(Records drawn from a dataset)
..............................
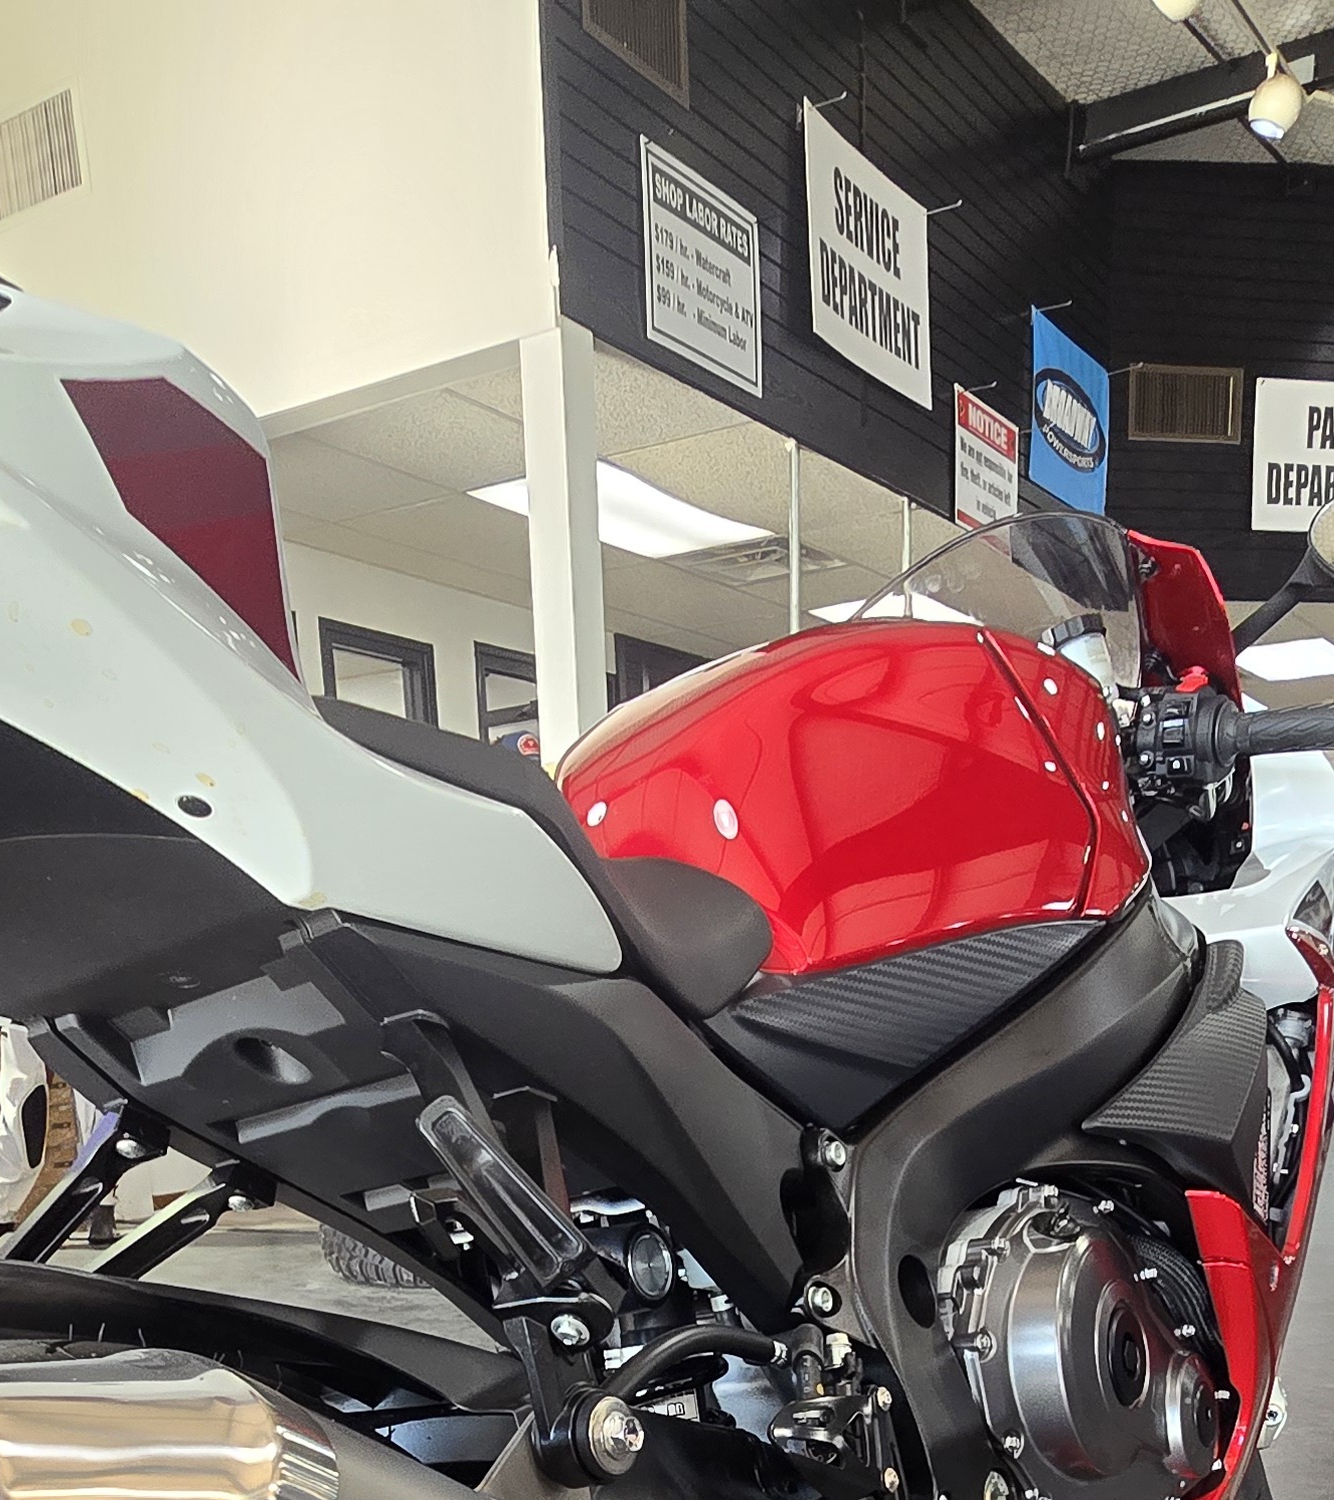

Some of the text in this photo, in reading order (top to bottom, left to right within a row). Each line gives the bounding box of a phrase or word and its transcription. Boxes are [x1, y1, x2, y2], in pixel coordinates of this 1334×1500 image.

[654, 172, 748, 258] SHOP LABOR RATES
[833, 166, 901, 281] SERVICE
[654, 222, 673, 251] $179
[695, 247, 731, 288] Watercraft
[655, 253, 674, 280] $159
[695, 278, 733, 321] Motorcycle
[741, 307, 754, 329] ATV
[696, 308, 727, 340] Minimum
[728, 324, 747, 352] Labor
[818, 237, 921, 370] DEPARTMENT
[967, 402, 1008, 450] NOTICE
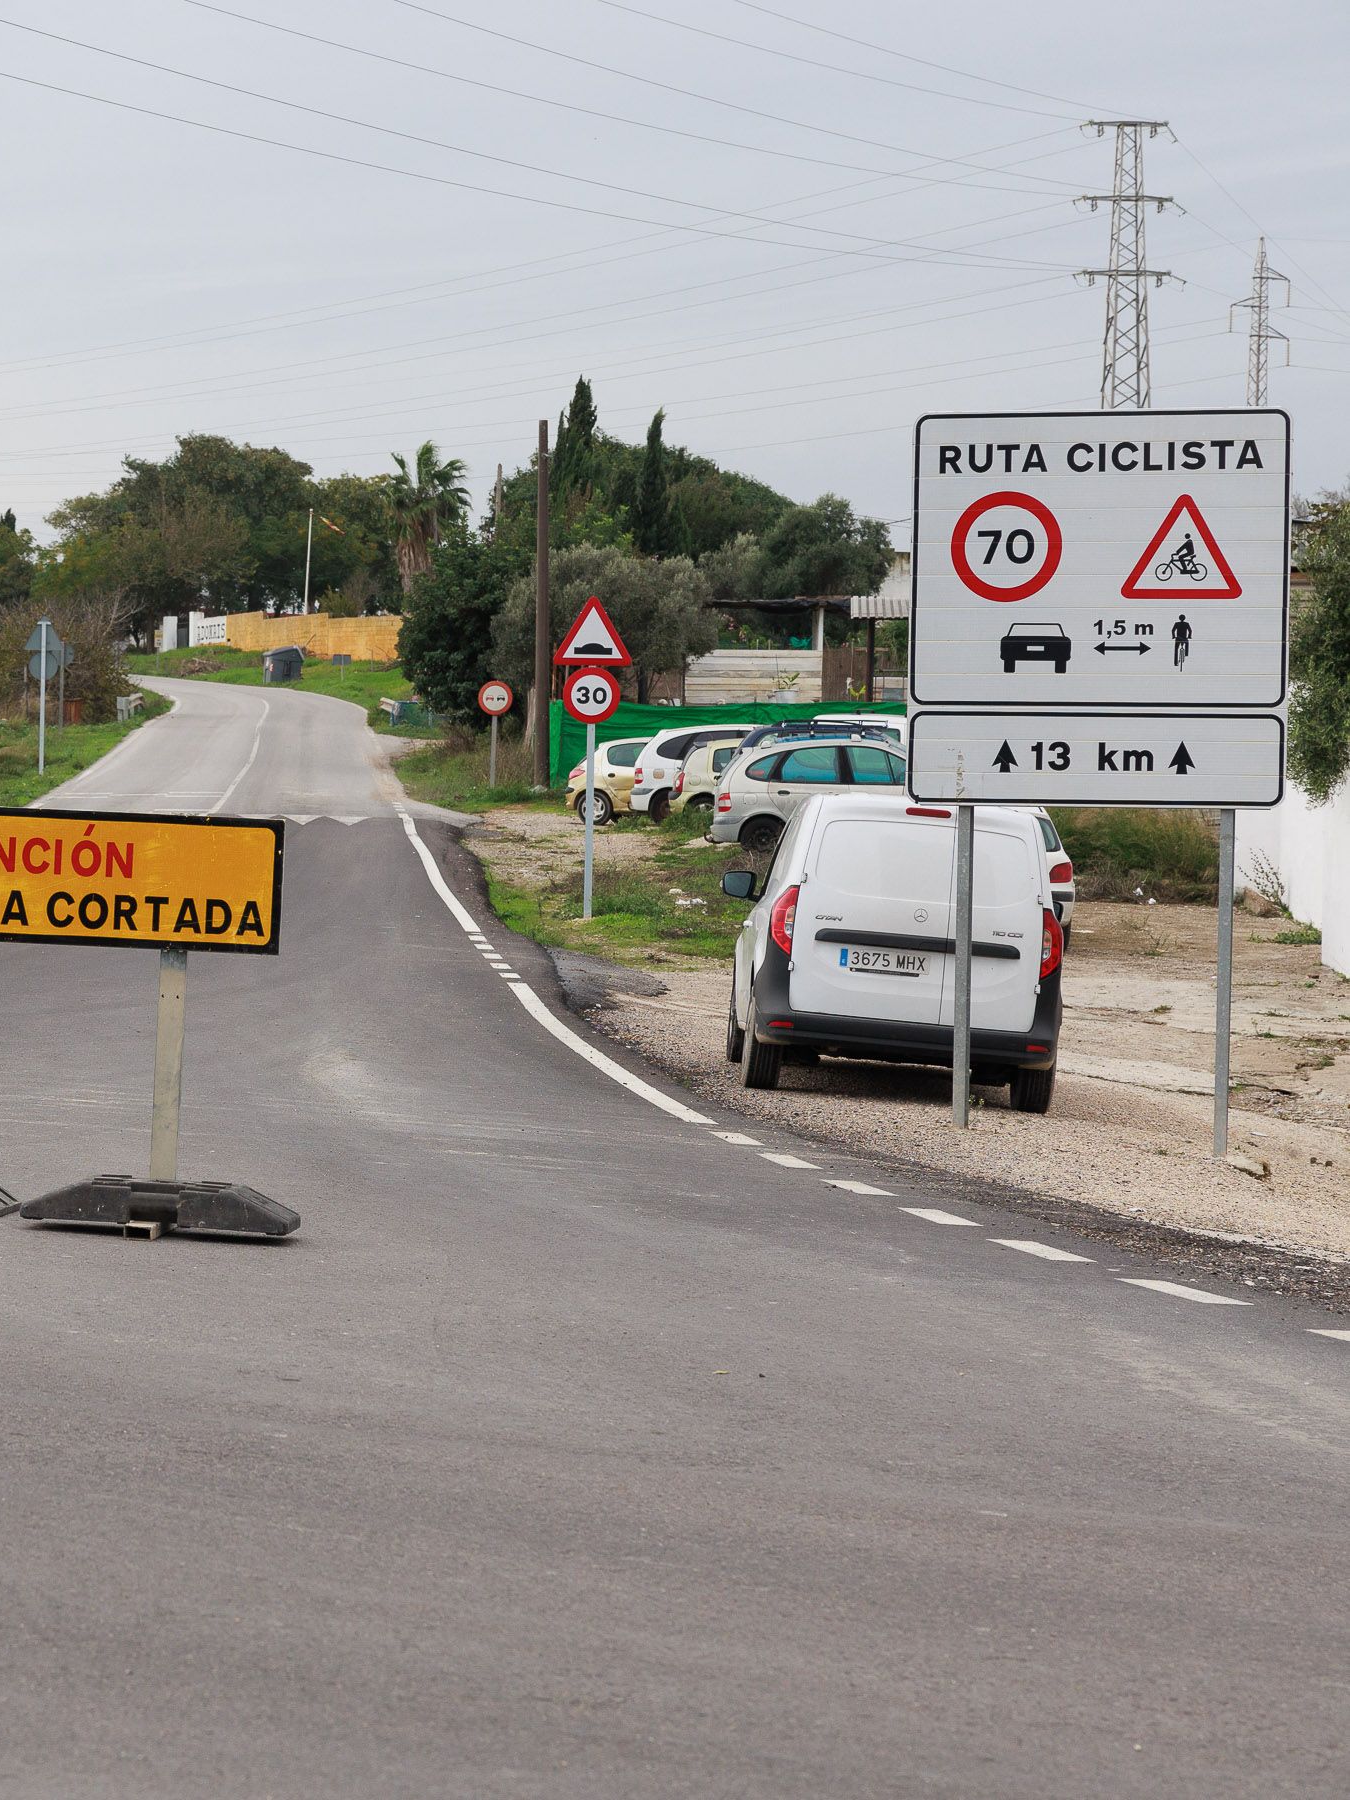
..............................
-- WHAT THE TASK REQUIRES --
Return the entries above exactly, skipping any images.

-- TASK SOLUTION --
Some of the text in this photo, in reading order (top to bottom, left to right within a row). Each line gives the bounding box of a phrase or word and its transcription. Boxes are [x1, y1, x2, y2], in pixel coordinates of this 1334×1500 image.

[654, 172, 748, 258] SHOP LABOR RATES
[833, 166, 901, 281] SERVICE
[654, 222, 673, 251] $179
[695, 247, 731, 288] Watercraft
[655, 253, 674, 280] $159
[695, 278, 733, 321] Motorcycle
[741, 307, 754, 329] ATV
[696, 308, 727, 340] Minimum
[728, 324, 747, 352] Labor
[818, 237, 921, 370] DEPARTMENT
[967, 402, 1008, 450] NOTICE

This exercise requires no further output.